- **WORK INSTRUCTIONS**
Set down the entries again word for word, without any of the images.

(Data items)

━━━━━━━━

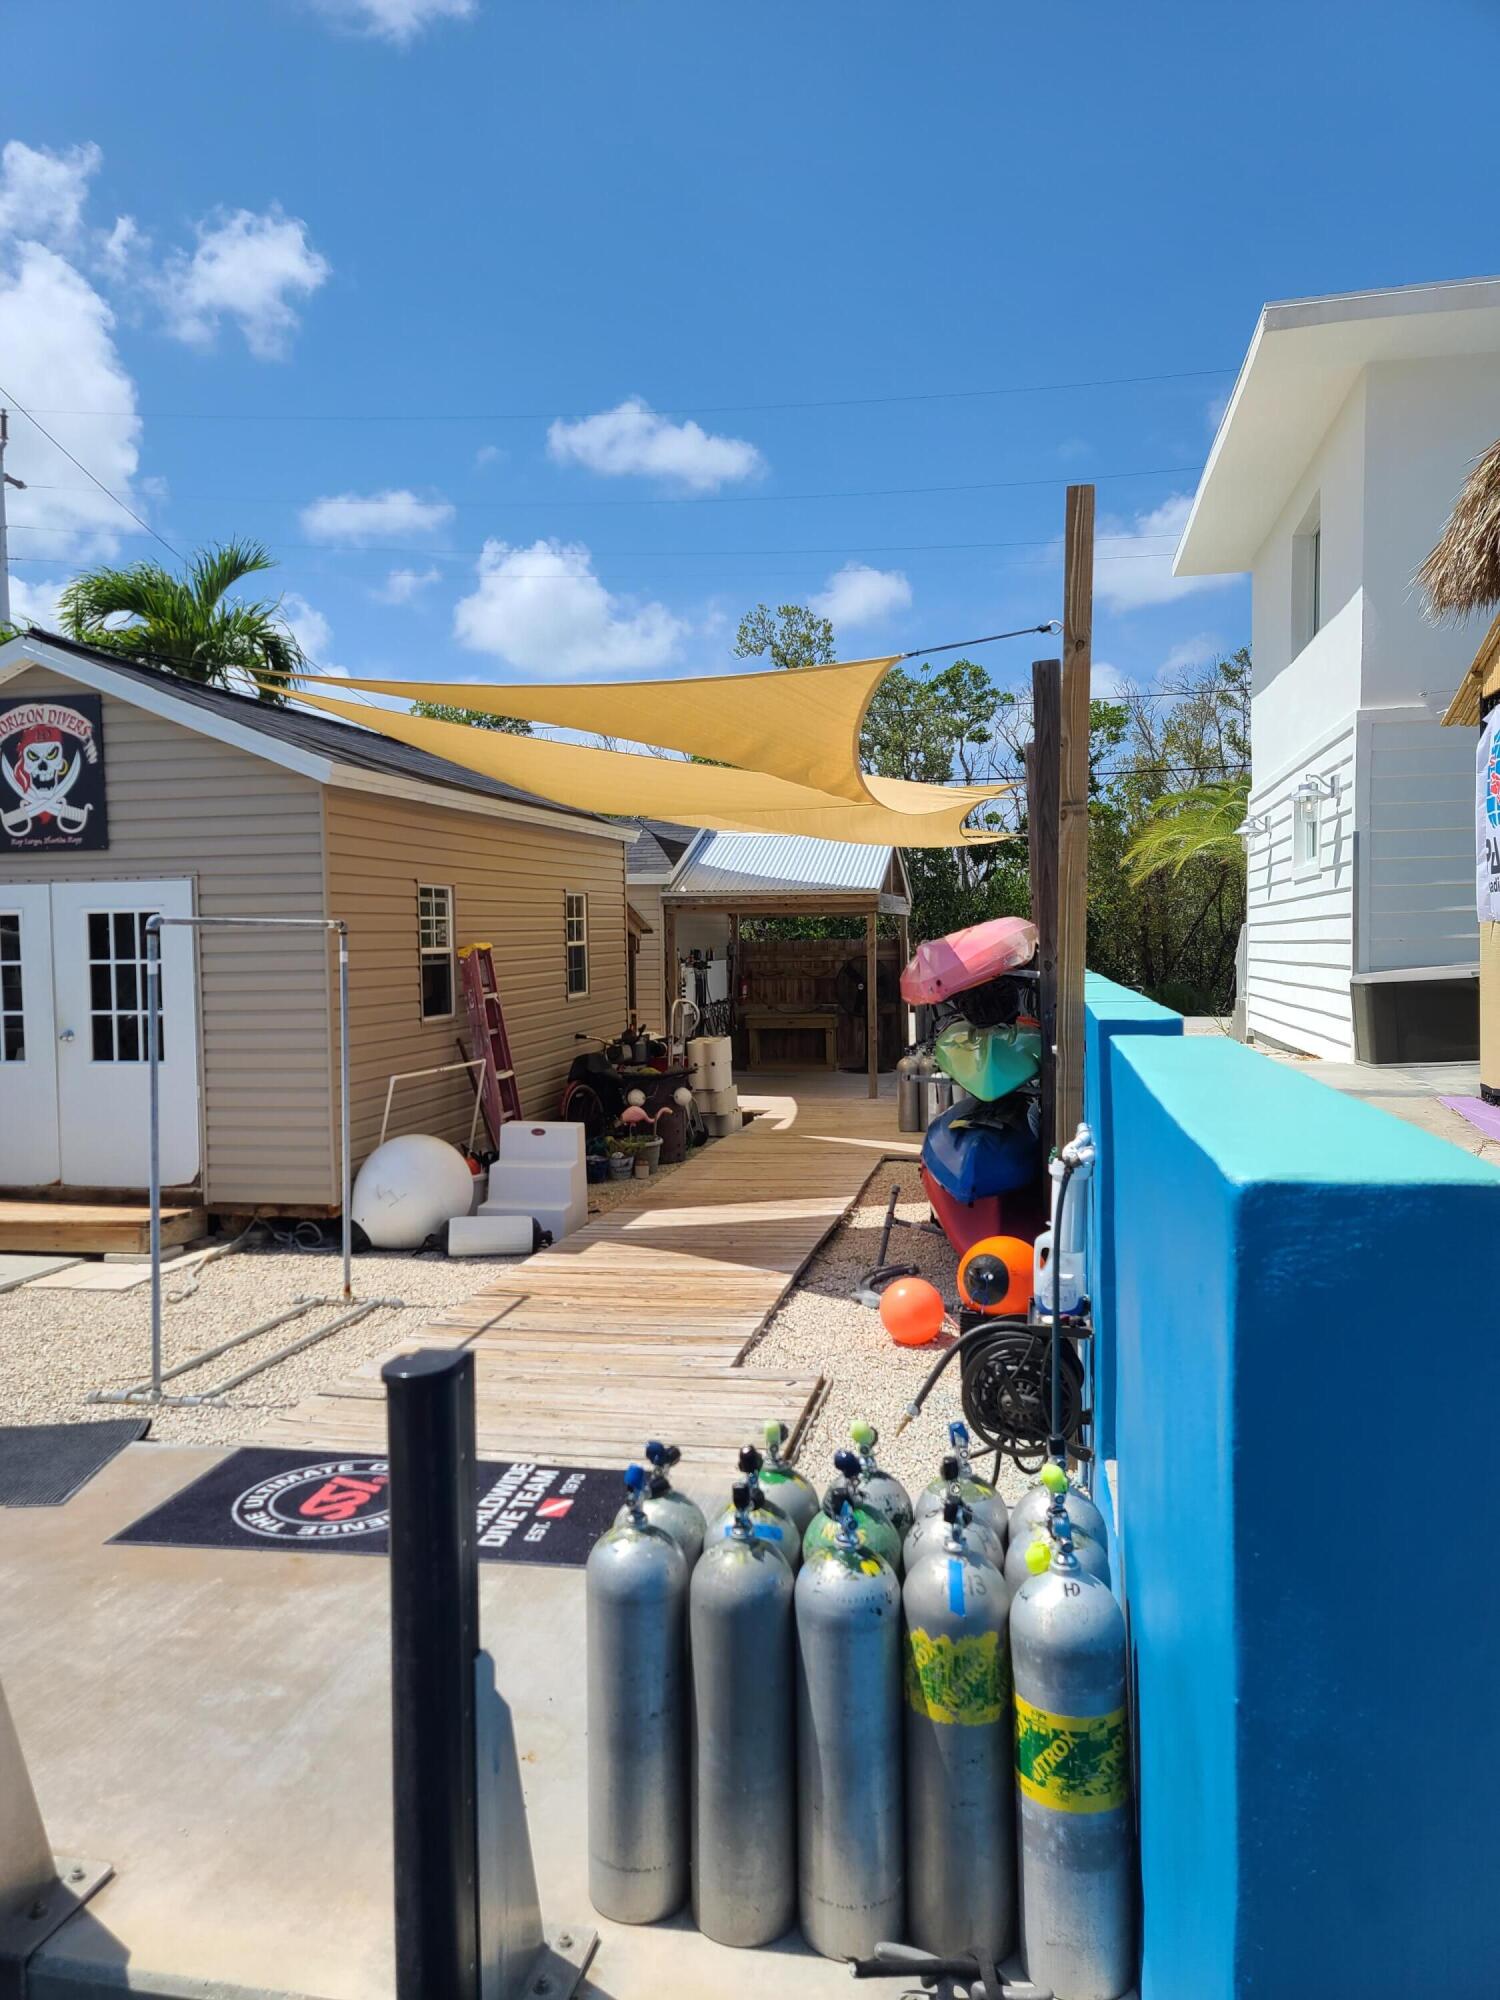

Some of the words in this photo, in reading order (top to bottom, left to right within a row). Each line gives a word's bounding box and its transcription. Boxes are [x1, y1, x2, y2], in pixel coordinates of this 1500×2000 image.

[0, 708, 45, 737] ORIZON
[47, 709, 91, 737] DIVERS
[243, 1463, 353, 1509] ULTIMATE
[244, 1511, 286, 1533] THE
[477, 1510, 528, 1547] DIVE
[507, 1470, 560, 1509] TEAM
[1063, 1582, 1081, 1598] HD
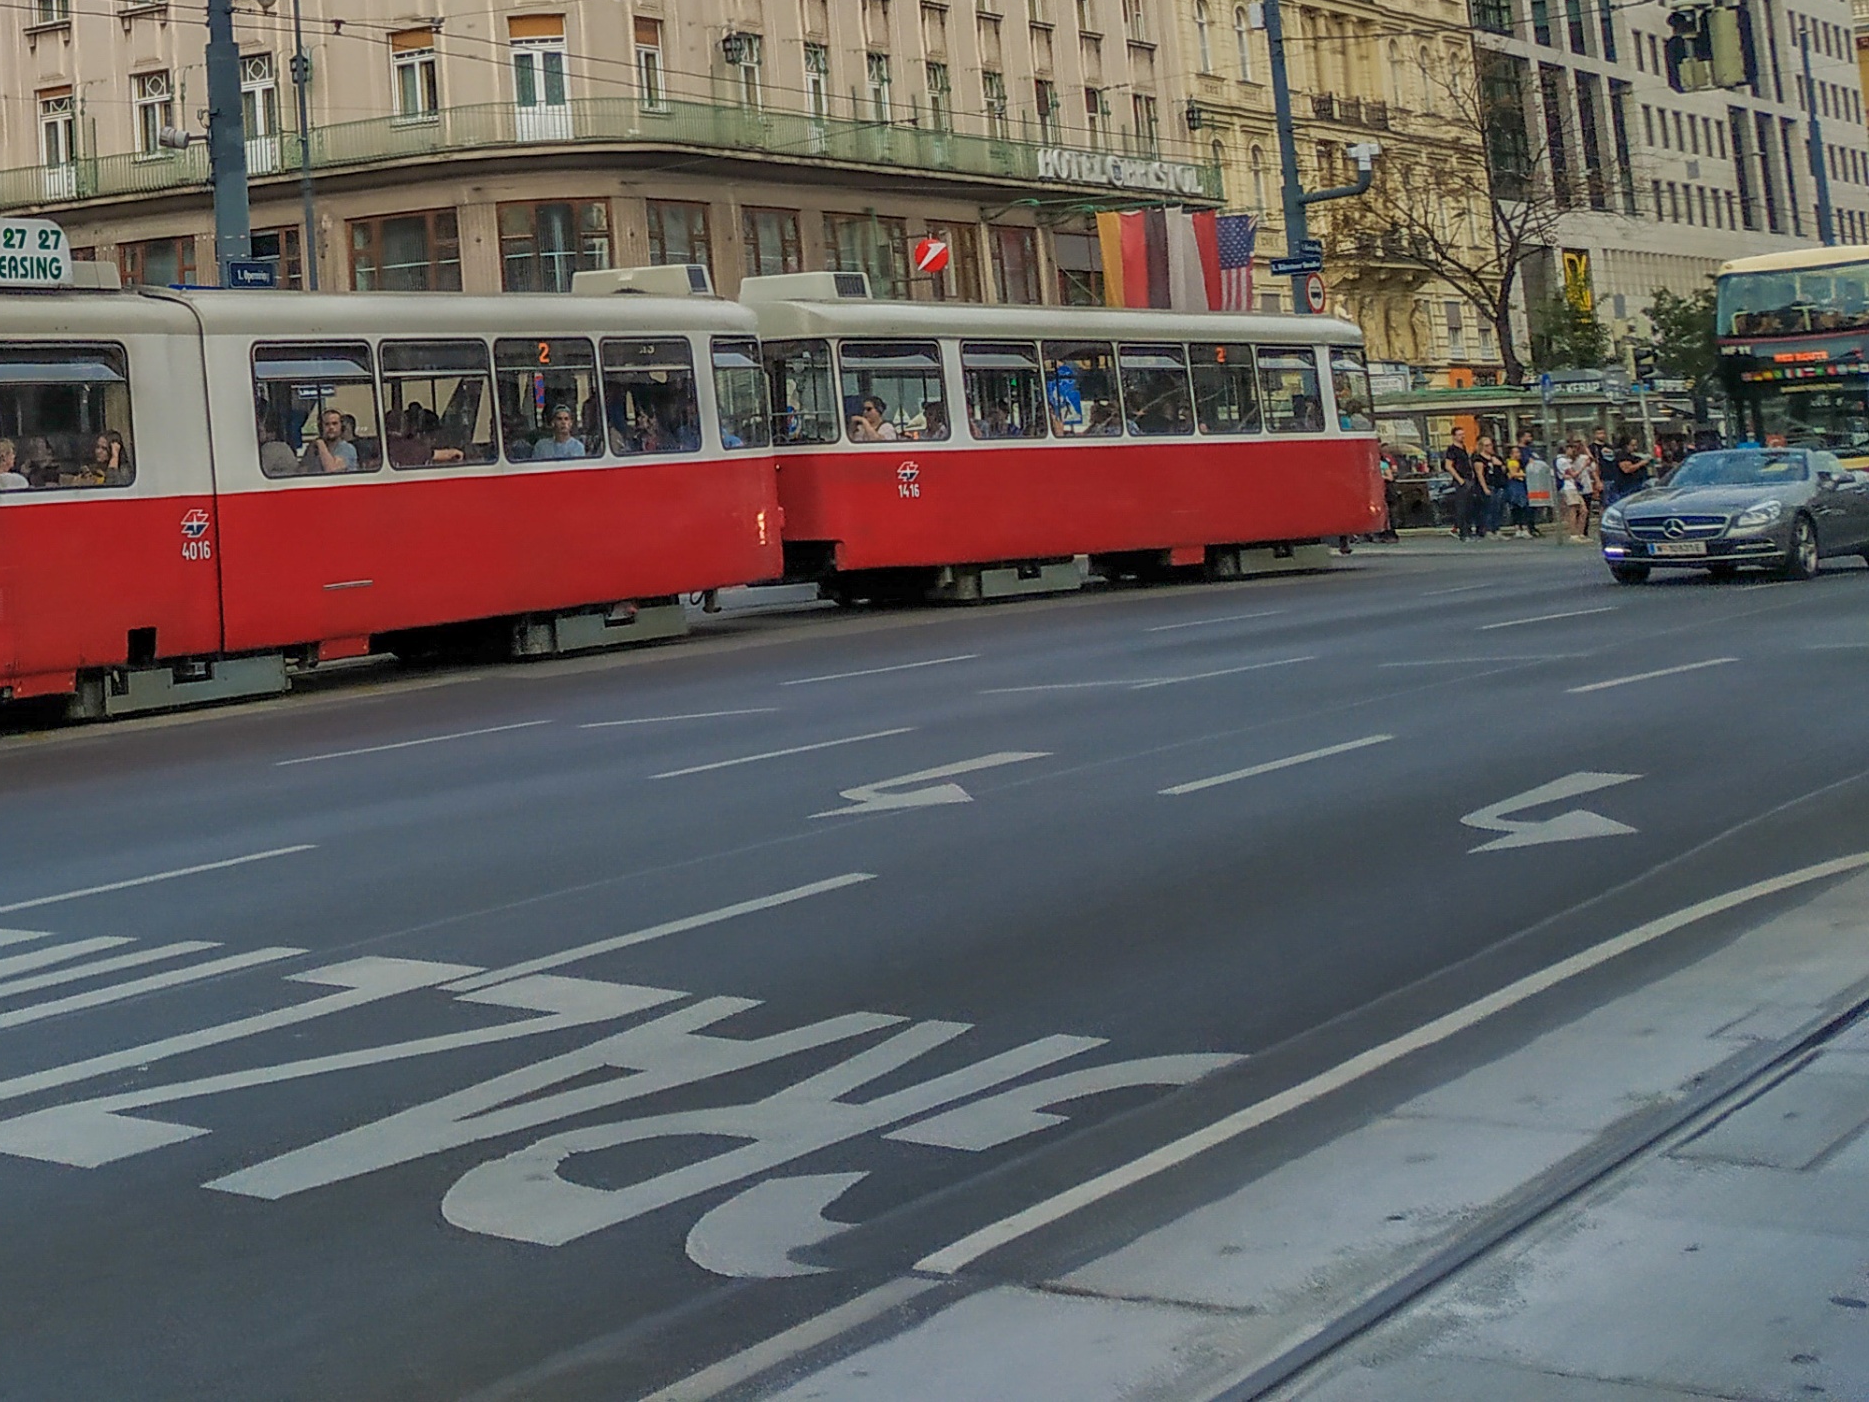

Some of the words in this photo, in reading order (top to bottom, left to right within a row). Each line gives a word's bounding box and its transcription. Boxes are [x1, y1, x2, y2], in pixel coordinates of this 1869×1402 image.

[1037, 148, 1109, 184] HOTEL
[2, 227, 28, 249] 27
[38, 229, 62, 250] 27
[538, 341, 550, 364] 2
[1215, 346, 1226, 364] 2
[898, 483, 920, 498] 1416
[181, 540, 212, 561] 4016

━━━━━━━━

- **YOUR RESPONSE**
Some of the words in this photo, in reading order (top to bottom, left to right within a row). Each line gives a word's bounding box and its transcription. Boxes are [x1, y1, x2, y2], in pixel coordinates of this 1500×2000 image.

[0, 708, 45, 737] ORIZON
[47, 709, 91, 737] DIVERS
[243, 1463, 353, 1509] ULTIMATE
[244, 1511, 286, 1533] THE
[477, 1510, 528, 1547] DIVE
[507, 1470, 560, 1509] TEAM
[1063, 1582, 1081, 1598] HD

Some of the words in this photo, in reading order (top to bottom, left to right within a row). Each line gives a word's bounding box and its transcription. Boxes are [x1, y1, x2, y2], in pixel coordinates of this 1869×1402 image.

[1037, 148, 1109, 184] HOTEL
[2, 227, 28, 249] 27
[38, 229, 62, 250] 27
[538, 341, 550, 364] 2
[1215, 346, 1226, 364] 2
[898, 483, 920, 498] 1416
[181, 540, 212, 561] 4016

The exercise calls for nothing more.